(Referring expression grounding data)
--- START ---
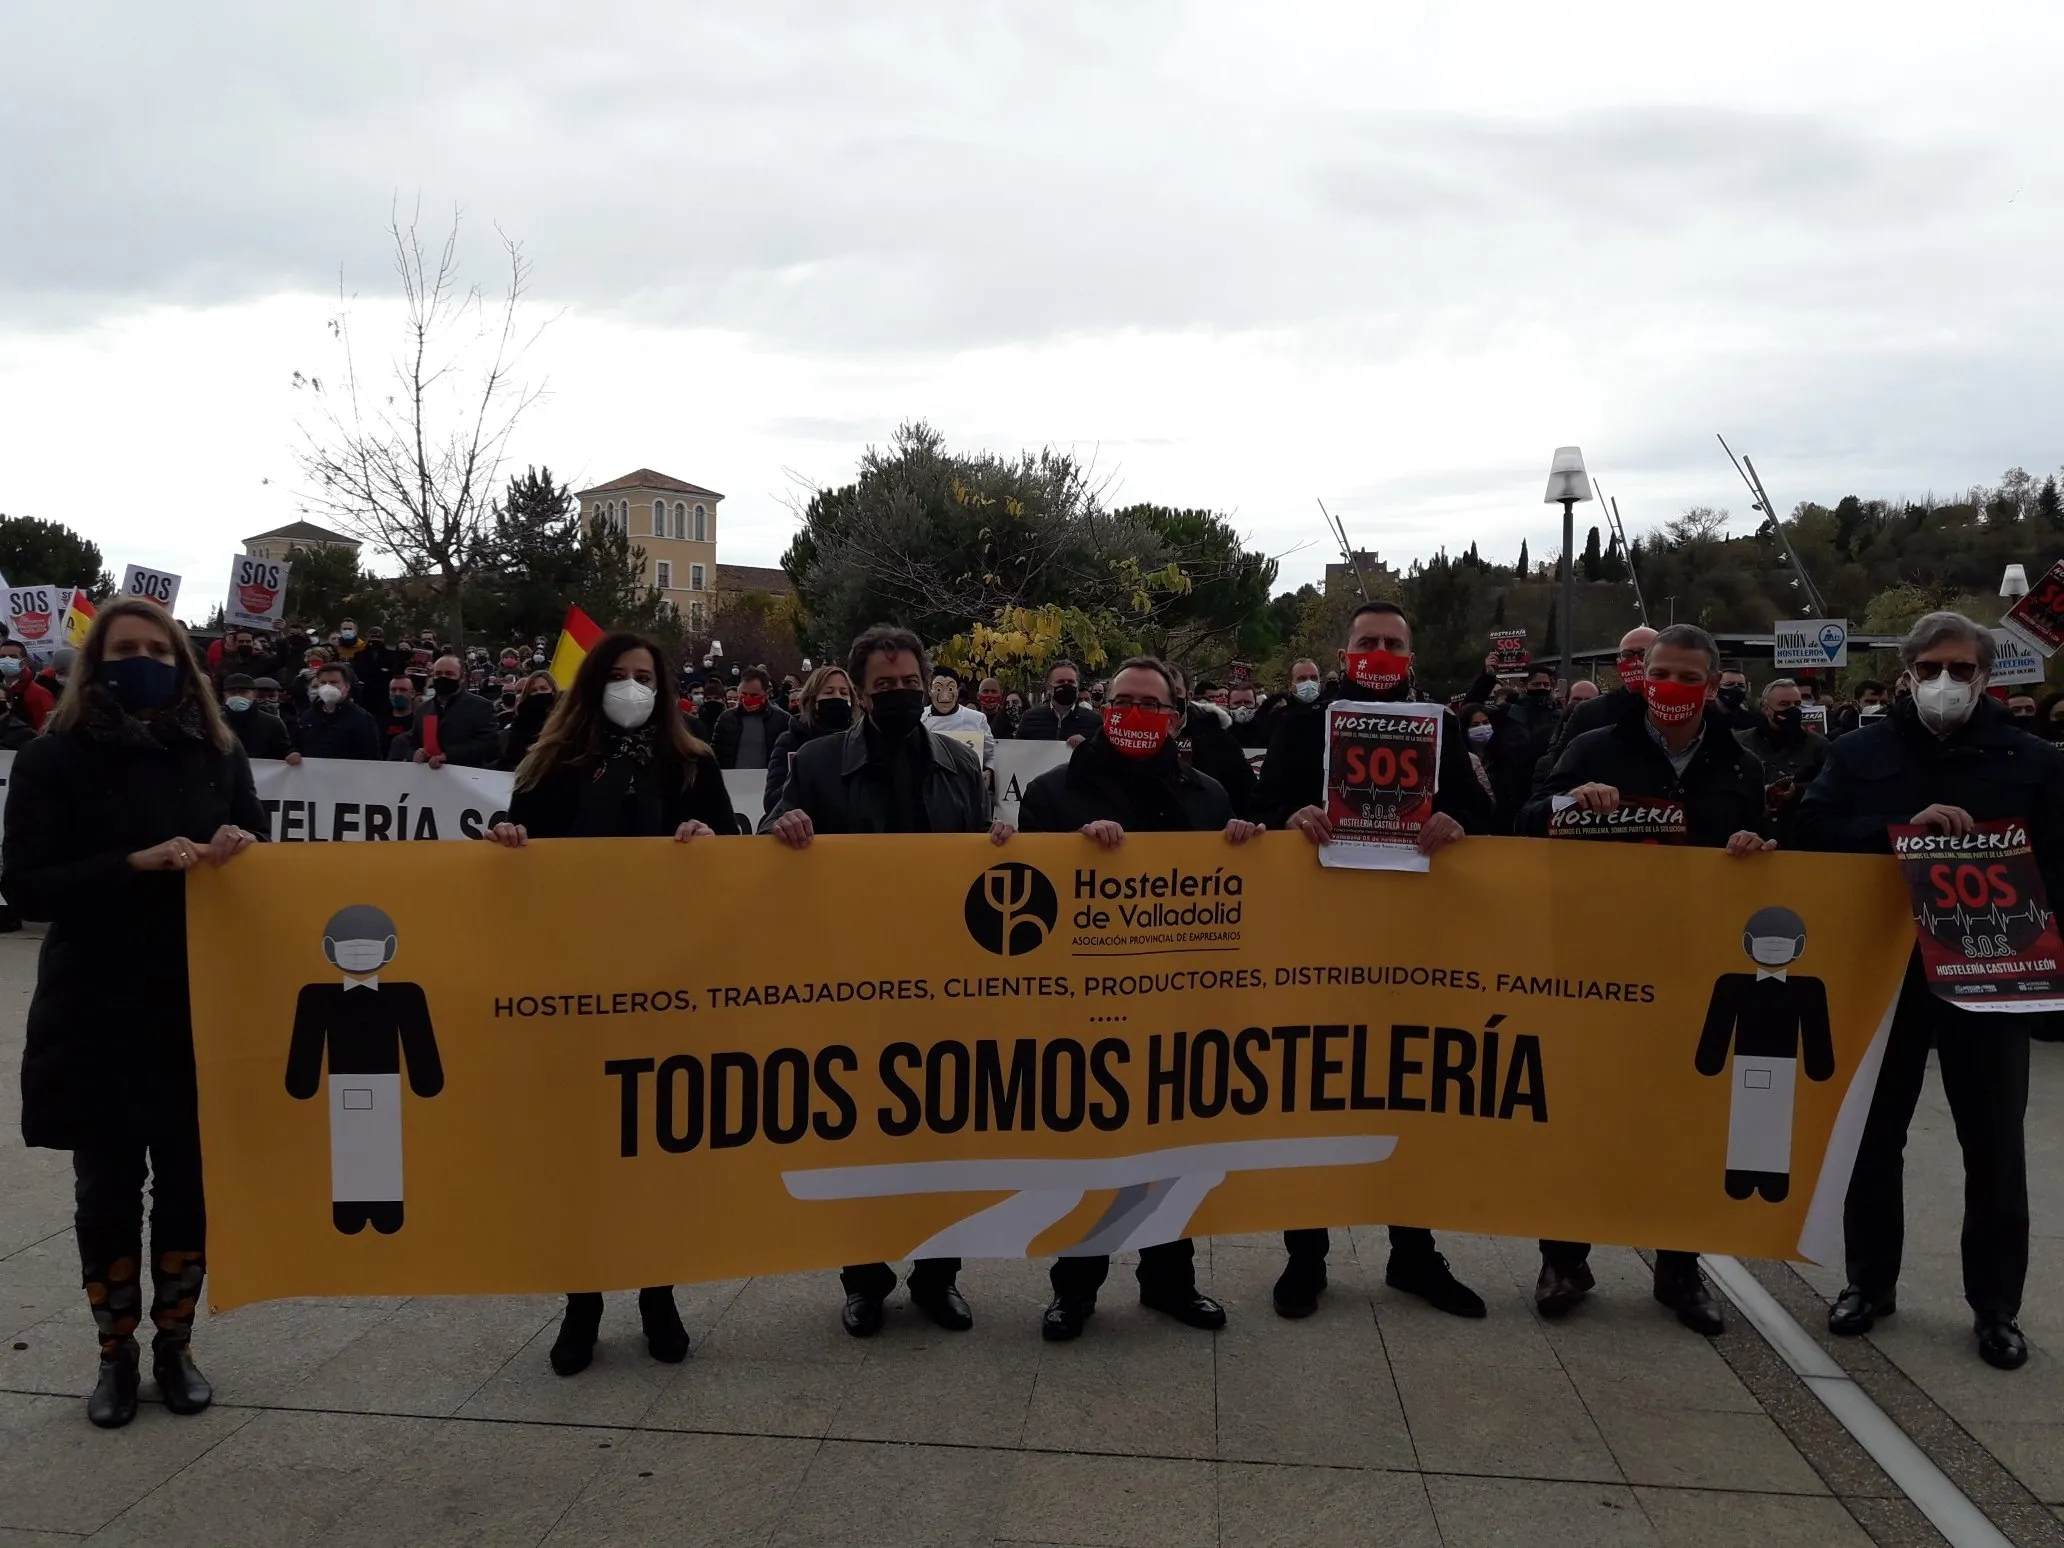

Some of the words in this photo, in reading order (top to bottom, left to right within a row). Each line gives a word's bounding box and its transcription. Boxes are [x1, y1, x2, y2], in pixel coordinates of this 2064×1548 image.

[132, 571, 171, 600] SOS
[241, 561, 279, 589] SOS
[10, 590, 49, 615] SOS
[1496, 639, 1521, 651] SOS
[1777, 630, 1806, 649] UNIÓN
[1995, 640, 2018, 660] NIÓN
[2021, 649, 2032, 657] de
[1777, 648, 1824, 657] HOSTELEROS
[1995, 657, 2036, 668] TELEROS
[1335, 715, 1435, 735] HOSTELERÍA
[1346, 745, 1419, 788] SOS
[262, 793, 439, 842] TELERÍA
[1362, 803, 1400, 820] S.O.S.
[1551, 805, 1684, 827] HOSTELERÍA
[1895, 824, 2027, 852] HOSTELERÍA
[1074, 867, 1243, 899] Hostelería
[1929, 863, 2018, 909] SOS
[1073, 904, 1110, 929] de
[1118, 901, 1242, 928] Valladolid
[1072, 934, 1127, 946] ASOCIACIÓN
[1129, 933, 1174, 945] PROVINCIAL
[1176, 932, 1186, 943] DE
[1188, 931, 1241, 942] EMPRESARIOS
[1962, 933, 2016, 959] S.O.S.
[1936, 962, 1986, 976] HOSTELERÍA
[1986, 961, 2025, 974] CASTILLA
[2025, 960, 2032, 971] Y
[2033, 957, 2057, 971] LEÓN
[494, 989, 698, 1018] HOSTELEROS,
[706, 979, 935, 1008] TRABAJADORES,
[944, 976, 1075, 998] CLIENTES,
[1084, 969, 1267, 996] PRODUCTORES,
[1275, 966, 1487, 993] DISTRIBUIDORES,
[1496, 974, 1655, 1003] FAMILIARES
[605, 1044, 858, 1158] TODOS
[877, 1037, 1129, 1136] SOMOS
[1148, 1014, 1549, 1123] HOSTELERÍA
--- END ---
» Problem requirements: One number answers this exercise: the count of lines above in which the word "HOSTELEROS" appears.

» Task result: 2